NCERT Exemplar Solutions - Class 10 - Mathematics - Unit 2: Polynomials

Exercise 2.1

Step 1: Recall the condition.

If \(-3\) is a zero of the polynomial \((k-1)x^2 + kx + 1\), then by definition:

\((k-1)(-3)^2 + k(-3) + 1 = 0\).

Step 2: Simplify the expression.

\((k-1)(9) - 3k + 1 = 0\)

\(9k - 9 - 3k + 1 = 0\)

Step 3: Combine like terms.

\(9k - 3k = 6k\)

\(-9 + 1 = -8\)

So the equation becomes \(6k - 8 = 0\).

Step 4: Solve for \(k\).

\(6k = 8\)

\(k = \dfrac{8}{6}\)

\(k = \dfrac{4}{3}\)

Final Answer: The required value of \(k\) is \(\dfrac{4}{3}\).

Step 1: Write the factor form of the polynomial.

If the zeroes are \(-3\) and \(4\), then the polynomial must be a multiple of

\[(x - (-3))(x - 4) = (x + 3)(x - 4)\]

Step 2: Expand the product.

\[(x + 3)(x - 4) = x^2 - 4x + 3x - 12\]

\[= x^2 - x - 12\]

Step 3: Compare with the given options.

The basic polynomial is \(x^2 - x - 12\).

Any non-zero constant multiple of this is also valid.

Step 4: Check the options.

• Option A: \(x^2 - x + 12\) → wrong (constant term differs).
• Option B: \(x^2 + x + 12\) → wrong (signs do not match).
• Option C: \(\dfrac{1}{2}(x^2 - x - 12) = \dfrac{x^2}{2} - \dfrac{x}{2} - 6\) → correct.
• Option D: \(2x^2 + 2x - 24\) → wrong, because it equals \(2(x^2 + x - 12)\), not a multiple of \(x^2 - x - 12\).

Conclusion: The correct polynomial is

\(\dfrac{x^2}{2} - \dfrac{x}{2} - 6\).

Step 1: Recall the relationships of zeroes with coefficients.

If \(\alpha\) and \(\beta\) are the zeroes of \(x^2 + px + q\), then

\(\alpha + \beta = -p\)

\(\alpha \cdot \beta = q\)

Step 2: Apply to our polynomial.

Here, polynomial is \(x^2 + (a+1)x + b\).

So, coefficient of \(x\) is \(a+1\) and constant term is \(b\).

Thus,

Sum of zeroes \(= - (a+1)\)

Product of zeroes \(= b\)

Step 3: Use the given zeroes.

The zeroes are \(2\) and \(-3\).

So,

\(\alpha + \beta = 2 + (-3) = -1\)

\(\alpha \cdot \beta = 2 \times (-3) = -6\)

Step 4: Form equations for \(a\) and \(b\).

From sum: \(- (a+1) = -1\)

\(a+1 = 1\)

\(a = 0\)

From product: \(b = -6\)

Step 5: Final answer.

So the correct values are \(a = 0\) and \(b = -6\).

This corresponds to option D.

Step 1: If \(-2\) and \(5\) are the zeroes of a polynomial, then the factorised form of such a polynomial must include \((x + 2)(x - 5)\).

Step 2: For example, one polynomial is

\(p(x) = (x + 2)(x - 5)\).

Step 3: But multiplying this expression by any non-zero constant also gives a valid polynomial with the same zeroes.
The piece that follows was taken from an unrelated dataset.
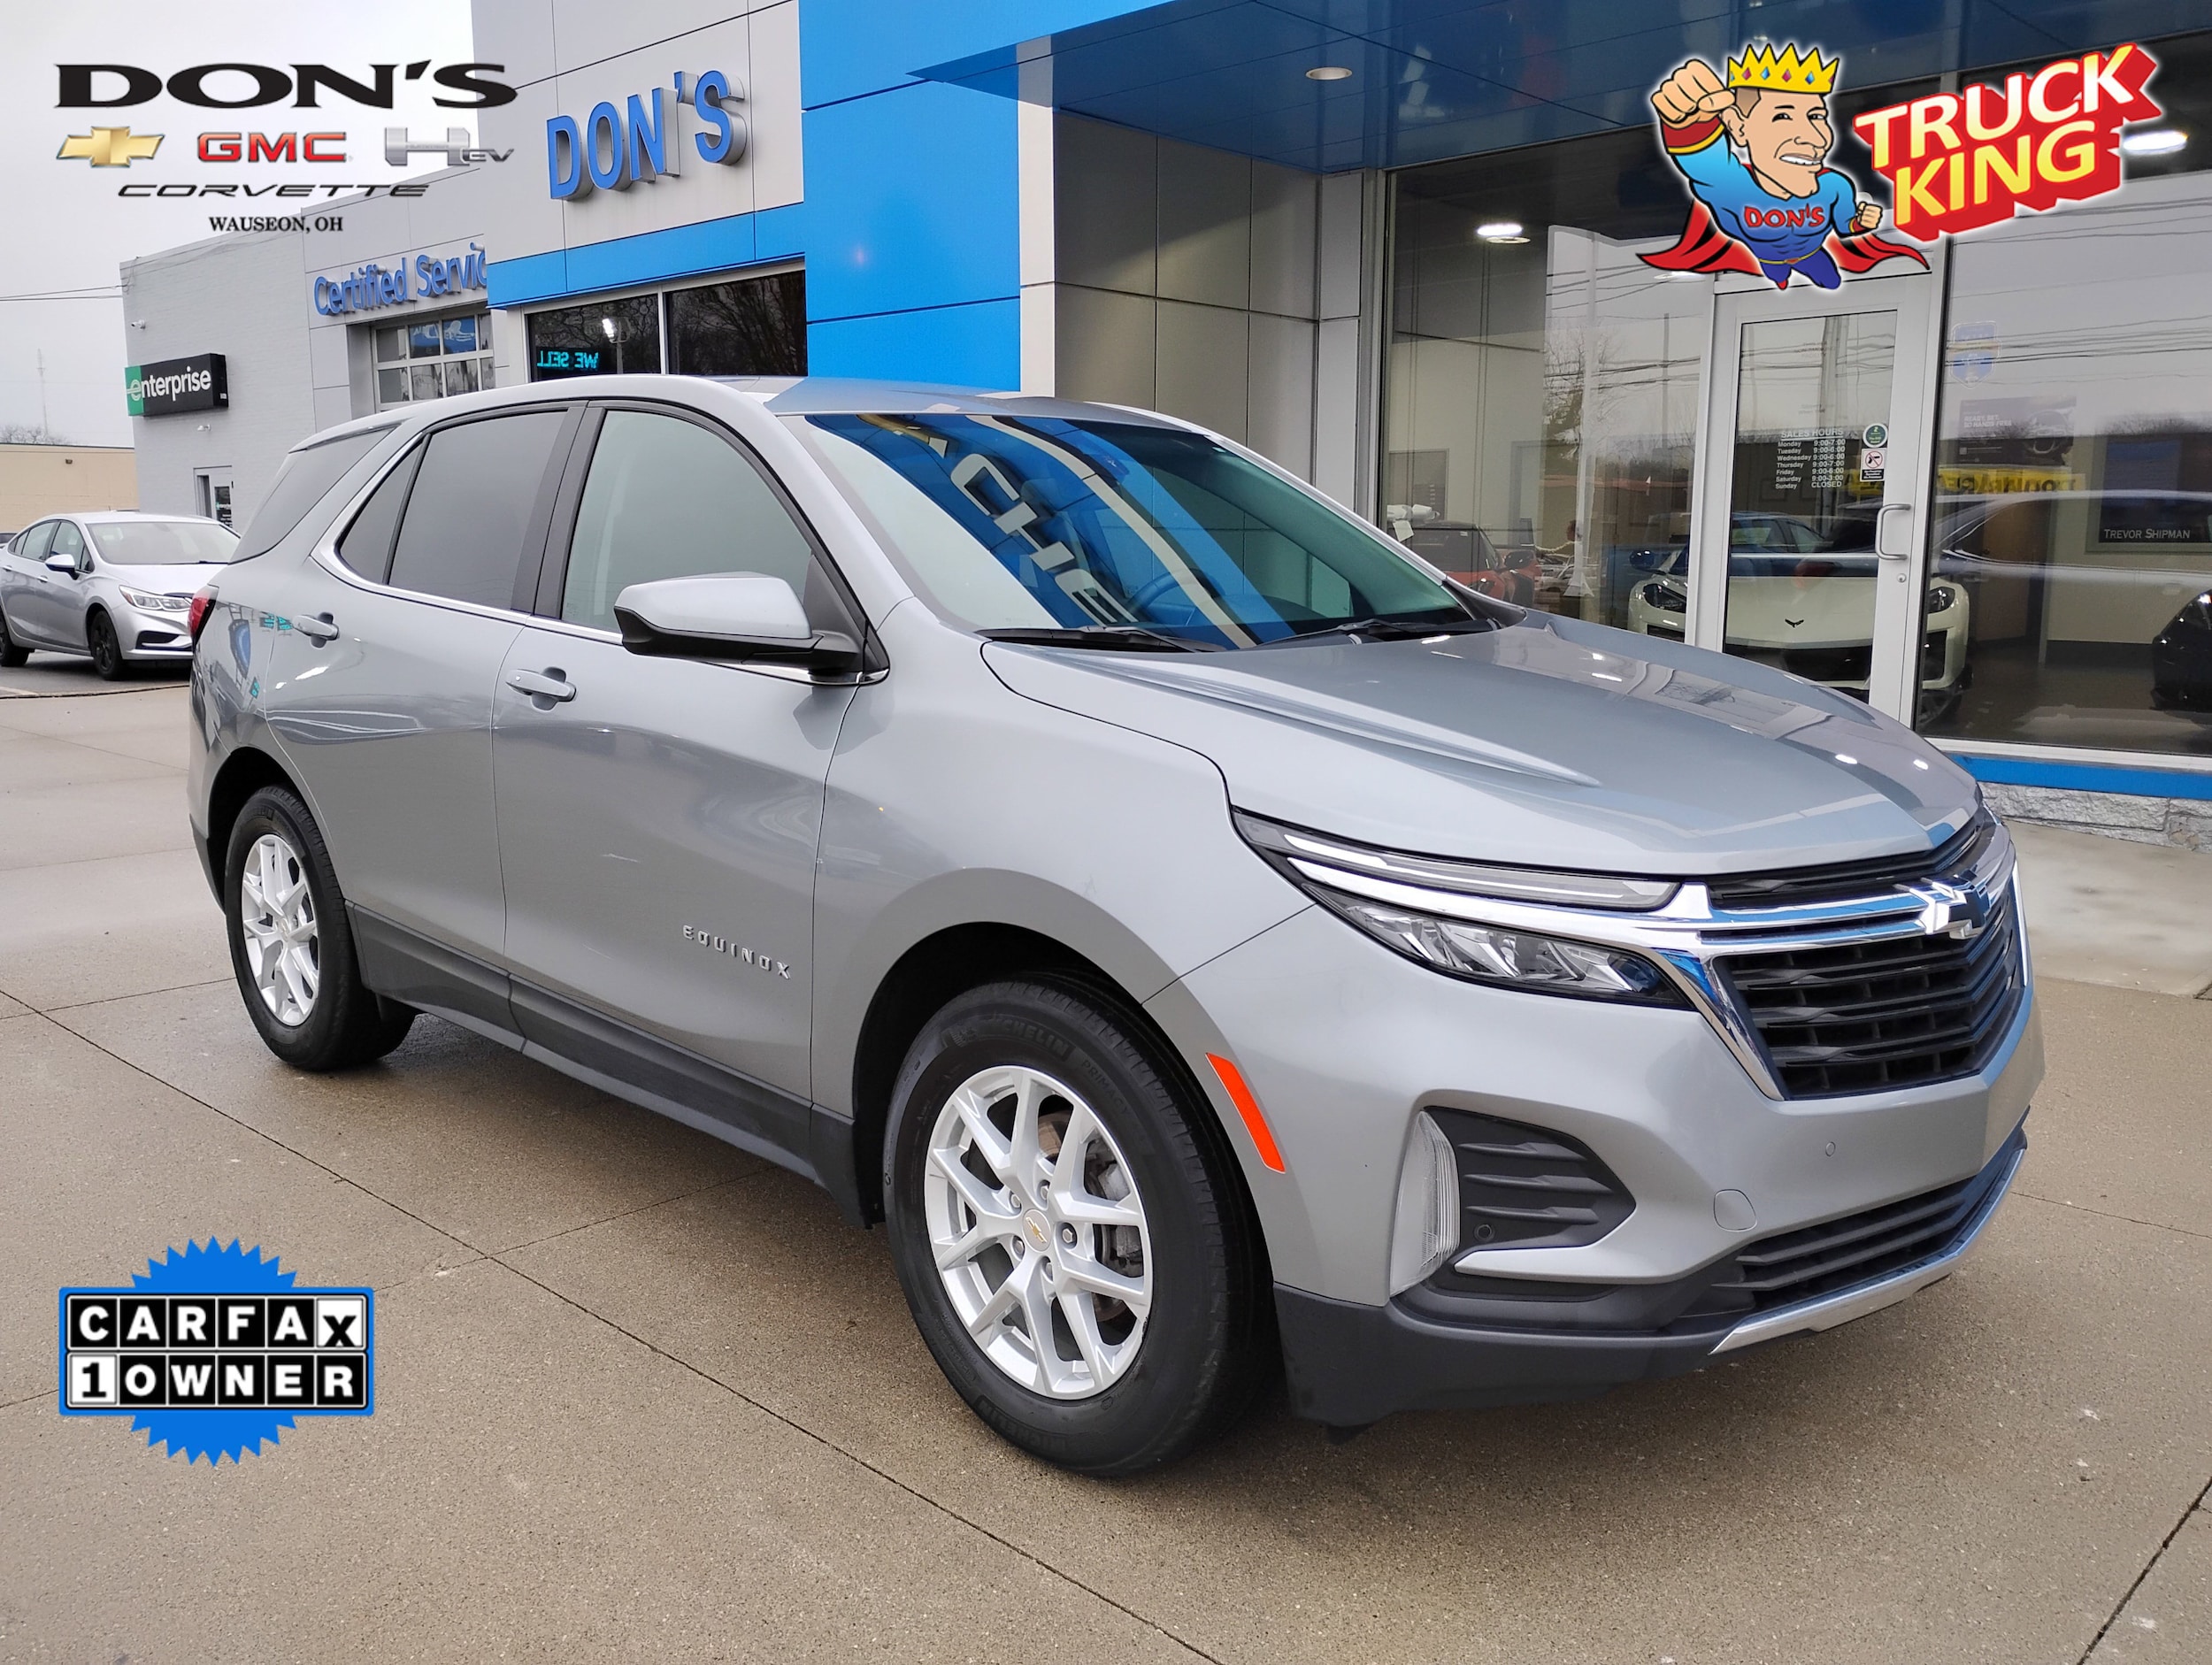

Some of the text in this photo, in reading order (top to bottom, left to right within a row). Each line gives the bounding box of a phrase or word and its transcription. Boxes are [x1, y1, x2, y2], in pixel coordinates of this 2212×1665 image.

For instance:

\(q(x) = 2(x + 2)(x - 5)\),

\(r(x) = -3(x + 2)(x - 5)\),

\(s(x) = 10(x + 2)(x - 5)\),

and so on.

Step 4: All of these have the same zeroes \(-2\) and \(5\), because the constant multiple does not affect the roots.

Conclusion: There are infinitely many such polynomials. Therefore, the correct choice is (D) more than 3.

Step 1: Write down the roots.

The polynomial is \(ax^3 + bx^2 + cx + d\).

It is given that one root is \(0\). Let the other two roots be \(\alpha\) and \(\beta\).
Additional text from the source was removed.